I myself have been questioned on this forum, and not even for anything questionable.  Last year, well – 2012, I was entering into my first experience having full-time interns. Not only had it been a pretty strenuous process to get through the red tape and bureaucracy of the hospital and the affiliated university, contracts, trainings, etc., but I also had to figure out the logistics: scheduling, planning assignments, communicating with staff in every facility I work at; and then actually implement all of it. To save myself some time and frustration, I reached out to the wonderful people in my field to ask if anyone had any favorite research studies or interesting literature on music therapy in a few different populations, so I could assign recommended material to my interns. A couple of responses were concrete and helpful, but there were several individuals who questioned why I was asking for help, told me to look at the source list at the bottom of the fact sheets for those populations on the AMTA website (which was decidedly not helpful), asked me if I was a student, and had generally abrasive and rude tones in their responses to an innocent question. I clarified my role and my needs following these comments and was still questioned.

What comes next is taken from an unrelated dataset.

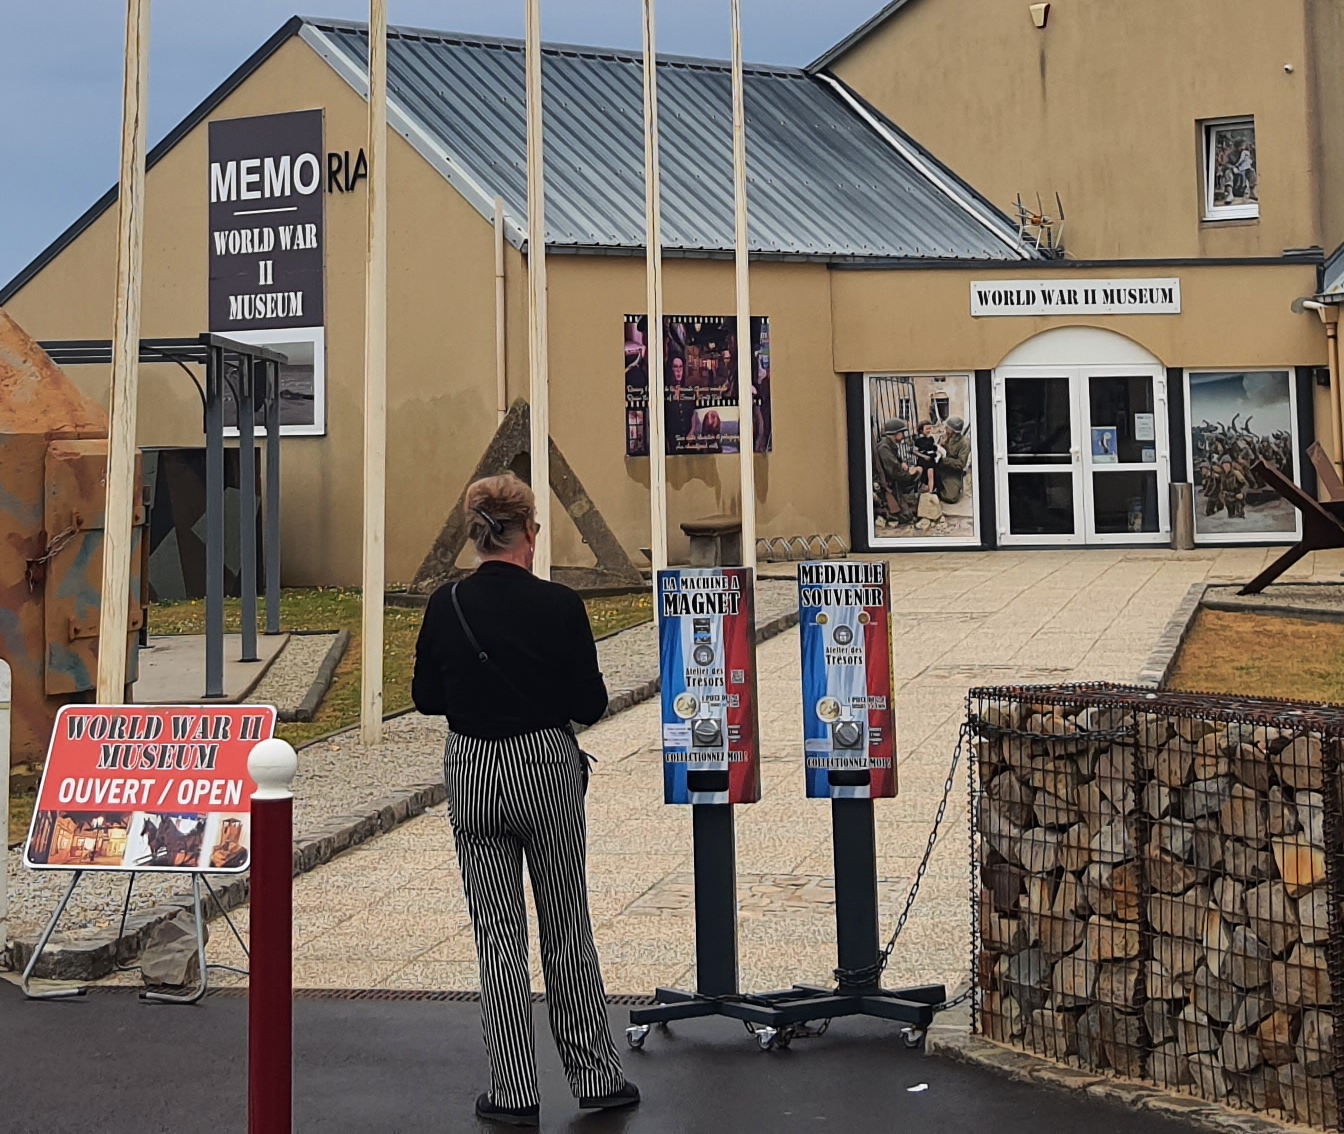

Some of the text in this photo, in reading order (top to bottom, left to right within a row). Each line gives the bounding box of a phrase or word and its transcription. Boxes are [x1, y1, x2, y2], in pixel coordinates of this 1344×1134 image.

Since then, I have let that experience go and continue to post and comment on these forums, but I have witnessed numbers of other credentialed professionals and students be attacked or dismissed for asking similarly simple, but also more complicated questions.

Why is it that adults – let alone, therapists – find it so difficult to form questions, statements, responses and answers in a diplomatic way to one another?  This is worrisome to me simply because I wonder if those therapists are using similar judgment in their clinical work.  I hope they aren’t. I also wonder if those people know how destructive their statements can be to their own practice and professional relationships. We see each other at conferences, give encouragement and recommendations to students for internships all around the country, and work together on research and textbooks. We advocate for the same respect and acknowledgement from our communities, our states, and the federal government, and we have the same goals. How can some people not see how their professional (and interpersonal) relationships are affected by negative attitudes and careless commentary?

I am not a grudge-holder.  I don’t rememberer or care who the people were who commented negatively on my own question last year. There are several individuals though, who have shown time and time again that they are not capable of friendly or productive discourse, but instead make very blunt “hit-and-run” type comments that aren’t only unproductive, but sometimes offensive. I hate to admit it, but I (a non-grudge-holder) will most likely not attend courses or sessions those people facilitate at conferences, and I will not approach those people for opinions or advice, as I might others. Imagine what people who do hold grudges will do or not do based on how they have been treated by others!

On a slightly more positive note, there are so many people I have come in contact with via Facebook, or other social networking sites, who I feel are the epitome of diplomacy, thoughtfulness and intention (you know who you are).  Those are the people I may actually reach out to privately for collaboration on something someday. Those are the people others may reach out to as well.  A wise woman once taught me about the power of positive thinking. I think positive “doing” is equally as powerful though, and I strongly believe that if the people we come in contact with think we are doing something right, good and positive, that will be rewarded somehow. 

I feel that we have a responsibility to each other to be thoughtful and diplomatic in our communications with one another, no matter what fields we’re in, or something unpleasant is going to come and bite us somewhere uncomfortable someday. Our conversations in social media are reflections of ourselves, and if what we’re sharing with the world is not some version of productive, or at least respectful, our reflections look pretty bleak.